__Exercise goal__
Go through the entries below and retype them exactly, omitting each picture.

__Data shown__
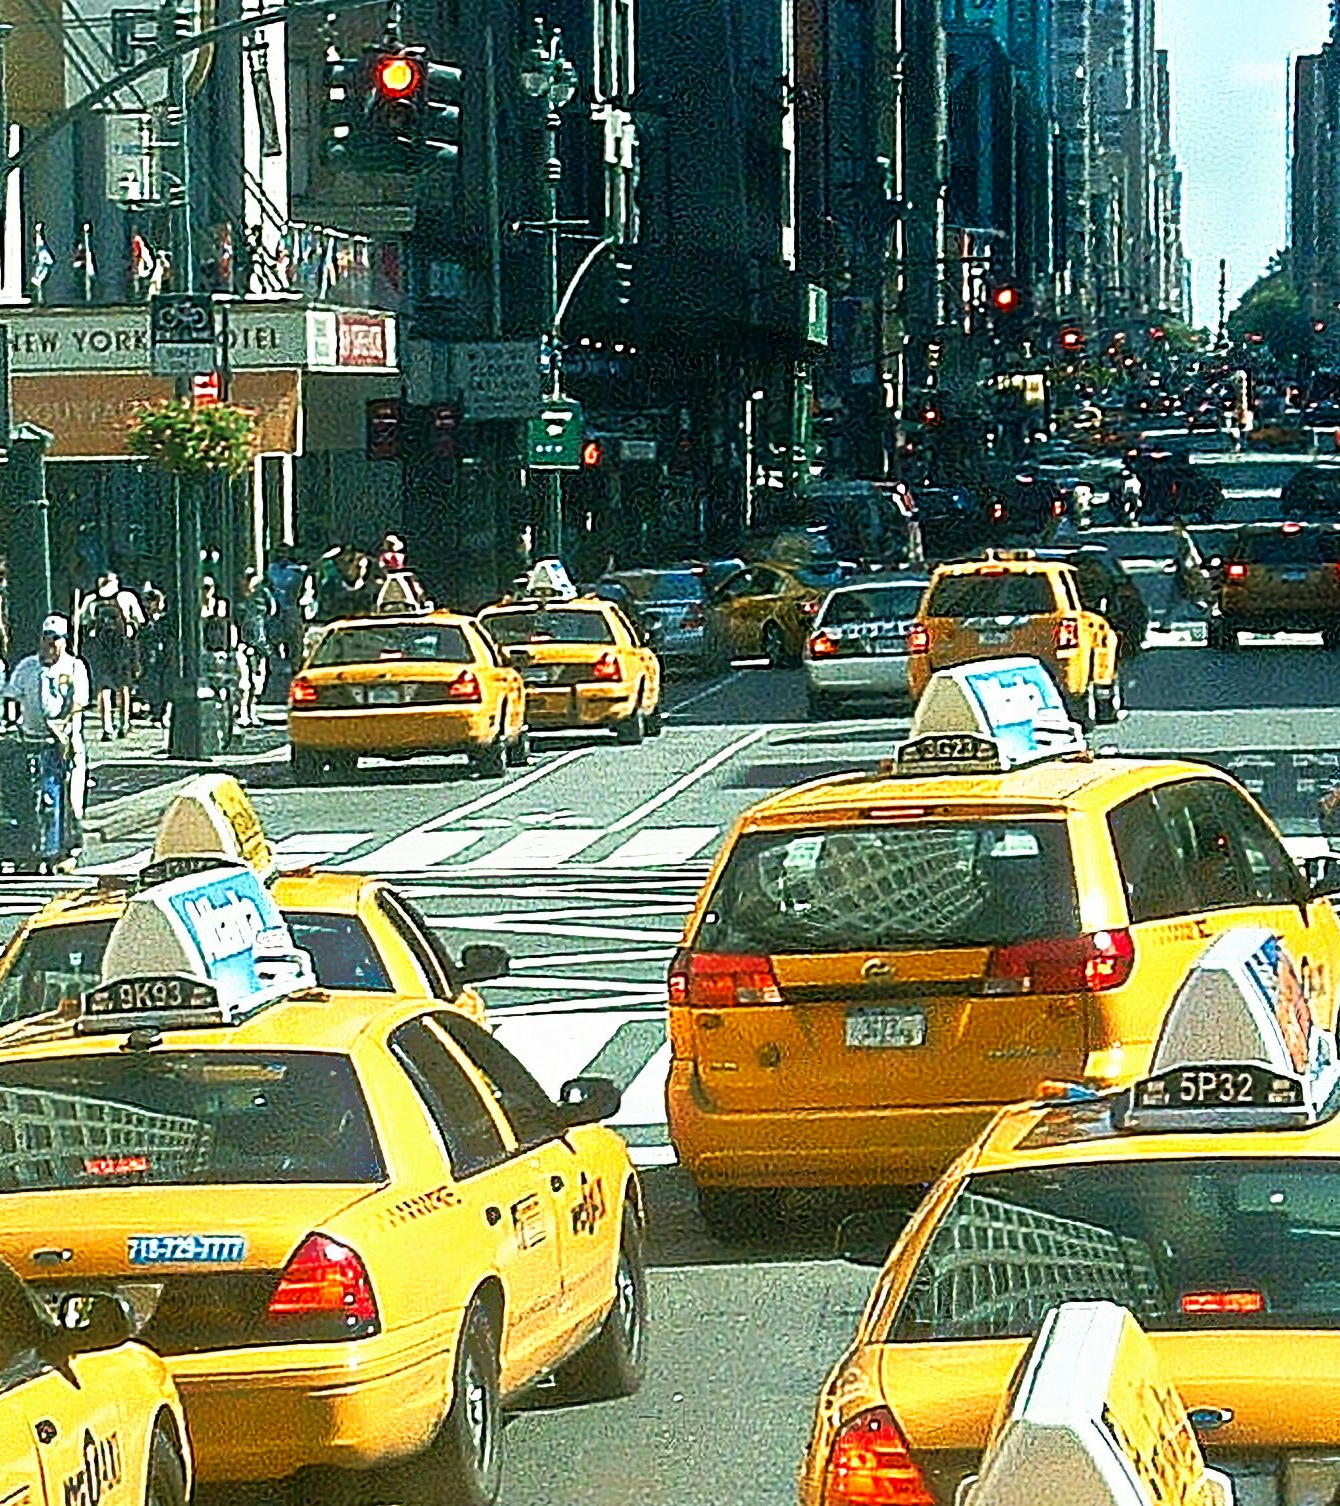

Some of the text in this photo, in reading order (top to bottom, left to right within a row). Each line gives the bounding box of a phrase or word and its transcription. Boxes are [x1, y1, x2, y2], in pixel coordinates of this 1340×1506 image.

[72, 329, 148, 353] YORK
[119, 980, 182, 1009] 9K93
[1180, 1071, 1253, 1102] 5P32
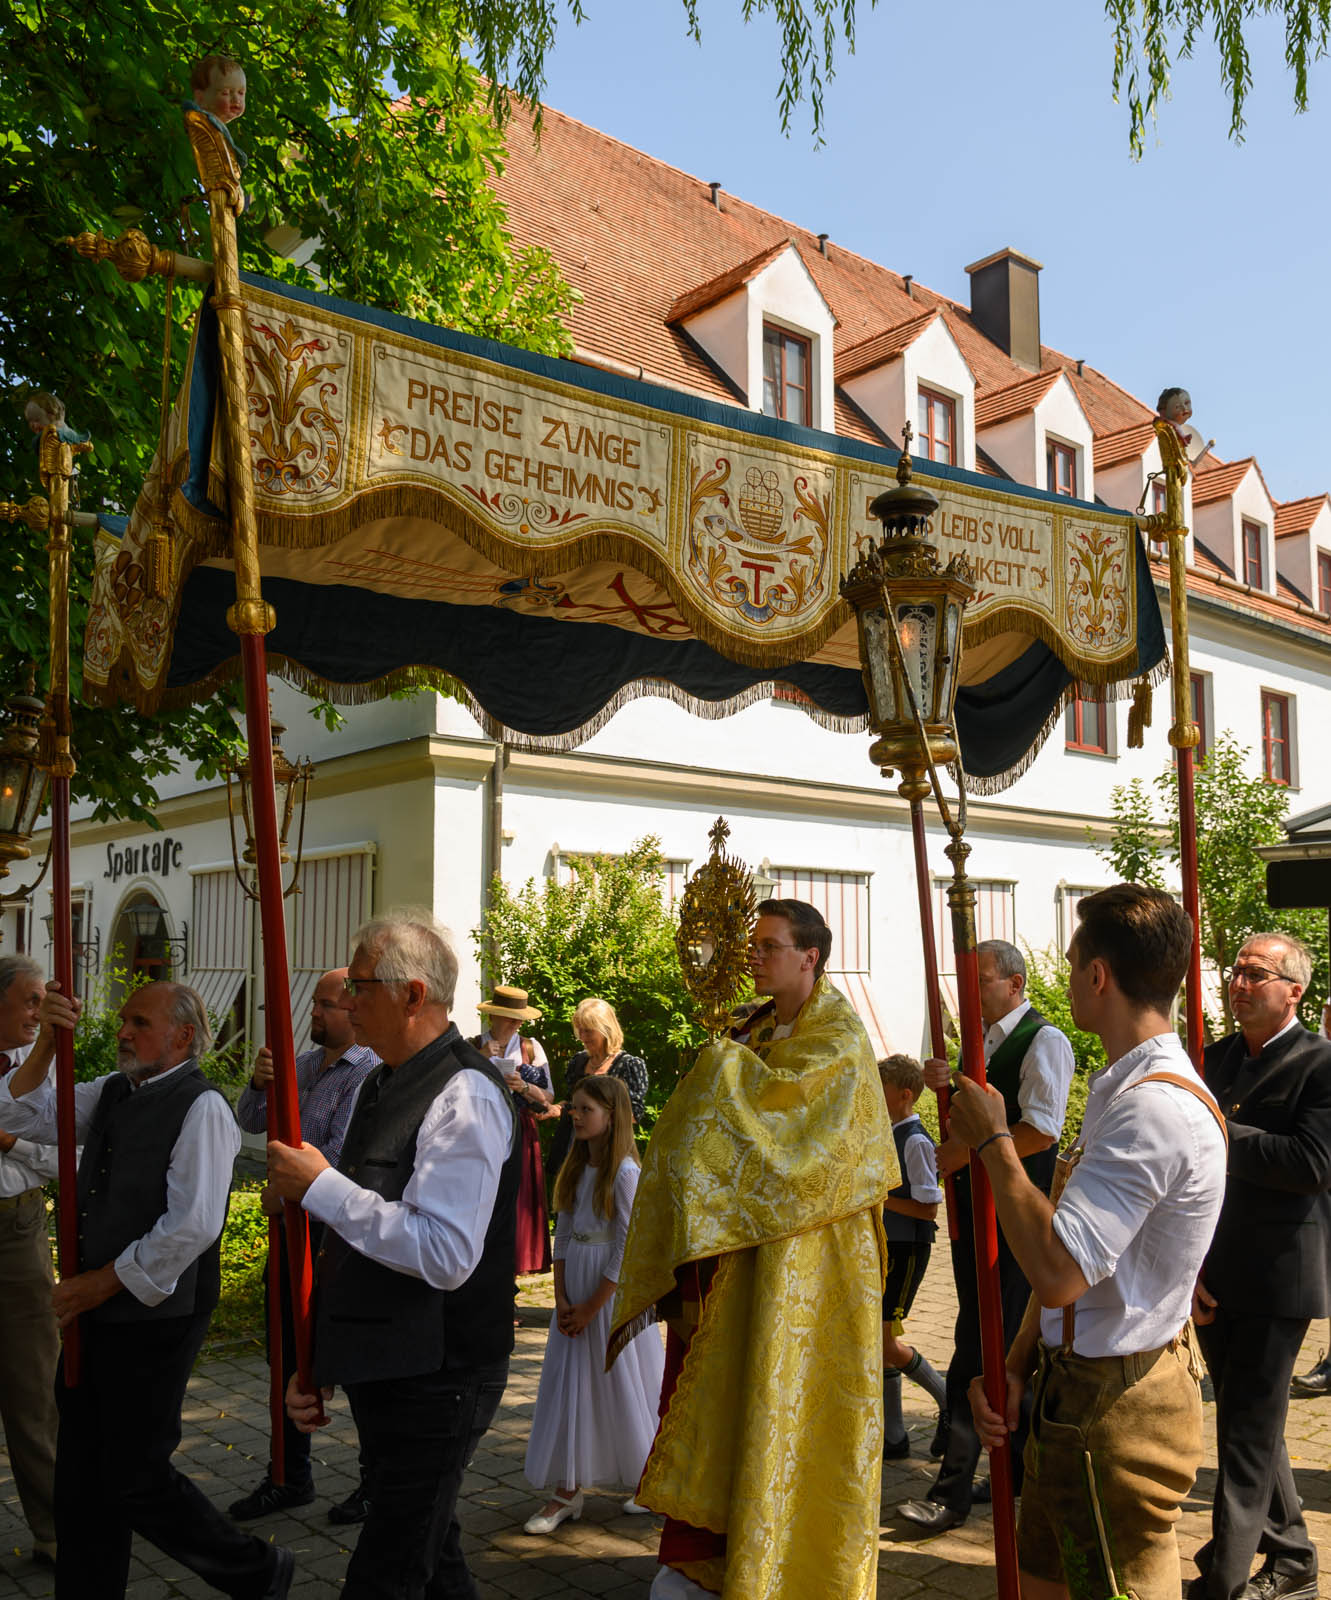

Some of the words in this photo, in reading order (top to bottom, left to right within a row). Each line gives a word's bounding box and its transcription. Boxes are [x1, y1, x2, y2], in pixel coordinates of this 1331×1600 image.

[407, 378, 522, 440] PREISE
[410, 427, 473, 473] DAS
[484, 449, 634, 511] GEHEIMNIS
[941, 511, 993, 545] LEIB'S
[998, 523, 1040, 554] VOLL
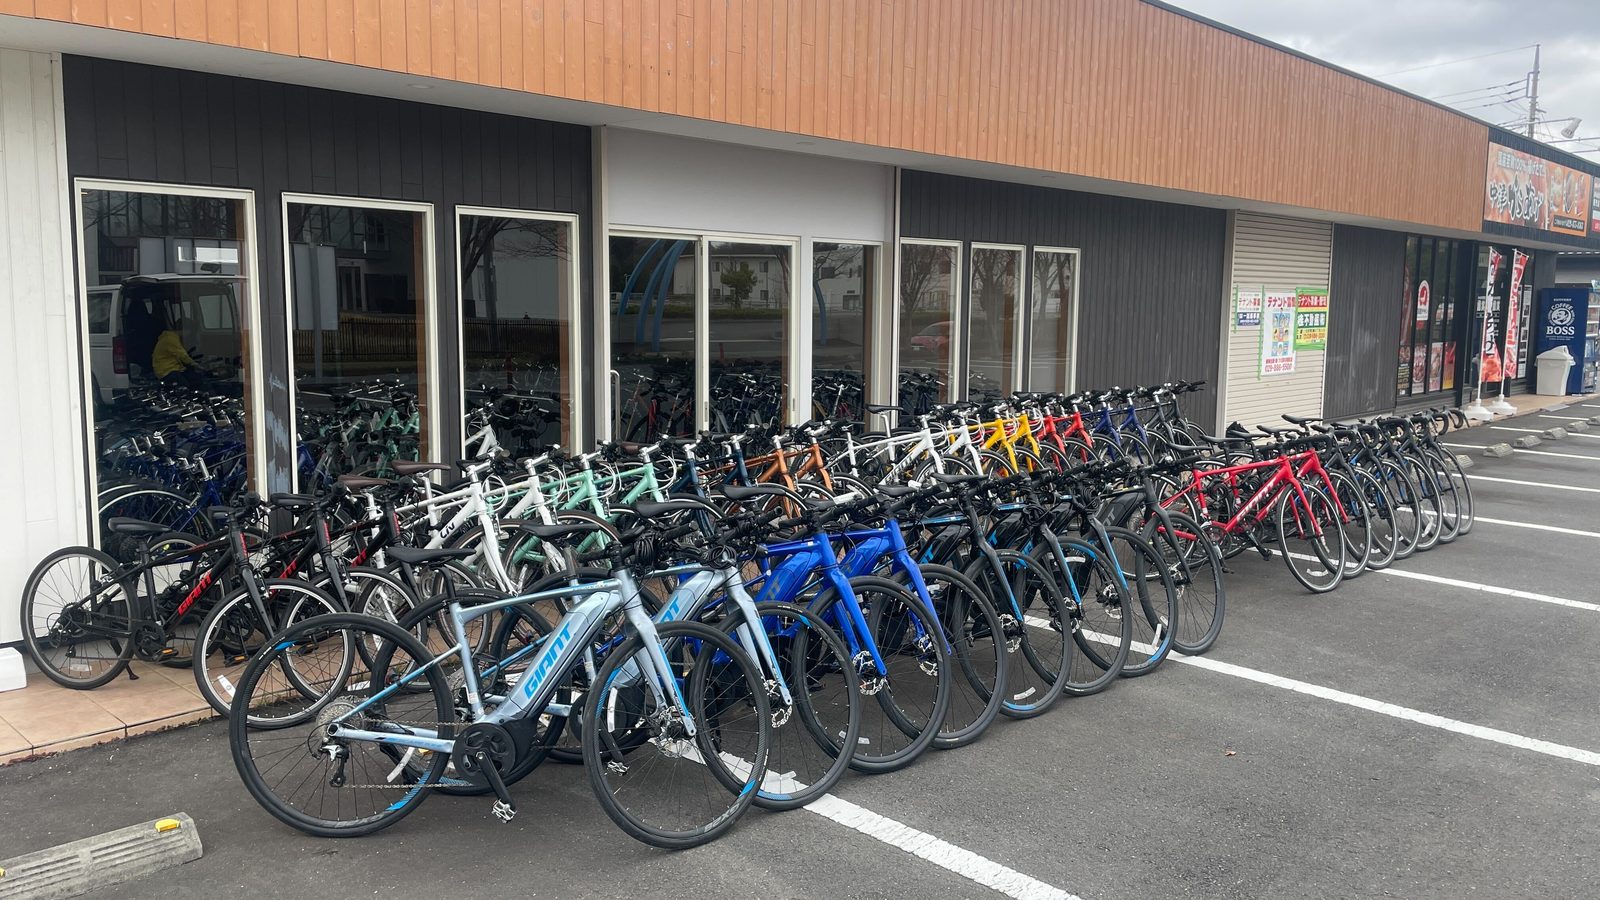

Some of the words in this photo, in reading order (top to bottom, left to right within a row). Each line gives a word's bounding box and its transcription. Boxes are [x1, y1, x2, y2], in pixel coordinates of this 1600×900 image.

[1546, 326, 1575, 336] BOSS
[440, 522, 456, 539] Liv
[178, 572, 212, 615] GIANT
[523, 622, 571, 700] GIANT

__Solution__
Some of the text in this photo, in reading order (top to bottom, left to right within a row). Each line gives the bounding box of a phrase or word and its transcription. Boxes are [x1, y1, x2, y2], in pixel coordinates of this 1340×1506 image.

[72, 329, 148, 353] YORK
[119, 980, 182, 1009] 9K93
[1180, 1071, 1253, 1102] 5P32

Some of the words in this photo, in reading order (top to bottom, left to right within a row). Each line gives a word's bounding box and its transcription. Boxes are [x1, y1, x2, y2], in pixel coordinates of this 1331×1600 image.

[407, 378, 522, 440] PREISE
[410, 427, 473, 473] DAS
[484, 449, 634, 511] GEHEIMNIS
[941, 511, 993, 545] LEIB'S
[998, 523, 1040, 554] VOLL

Some of the words in this photo, in reading order (top to bottom, left to right within a row). Each line gives a word's bounding box and its transcription. Boxes are [x1, y1, x2, y2], in pixel coordinates of this 1600×900 image.

[1546, 326, 1575, 336] BOSS
[440, 522, 456, 539] Liv
[178, 572, 212, 615] GIANT
[523, 622, 571, 700] GIANT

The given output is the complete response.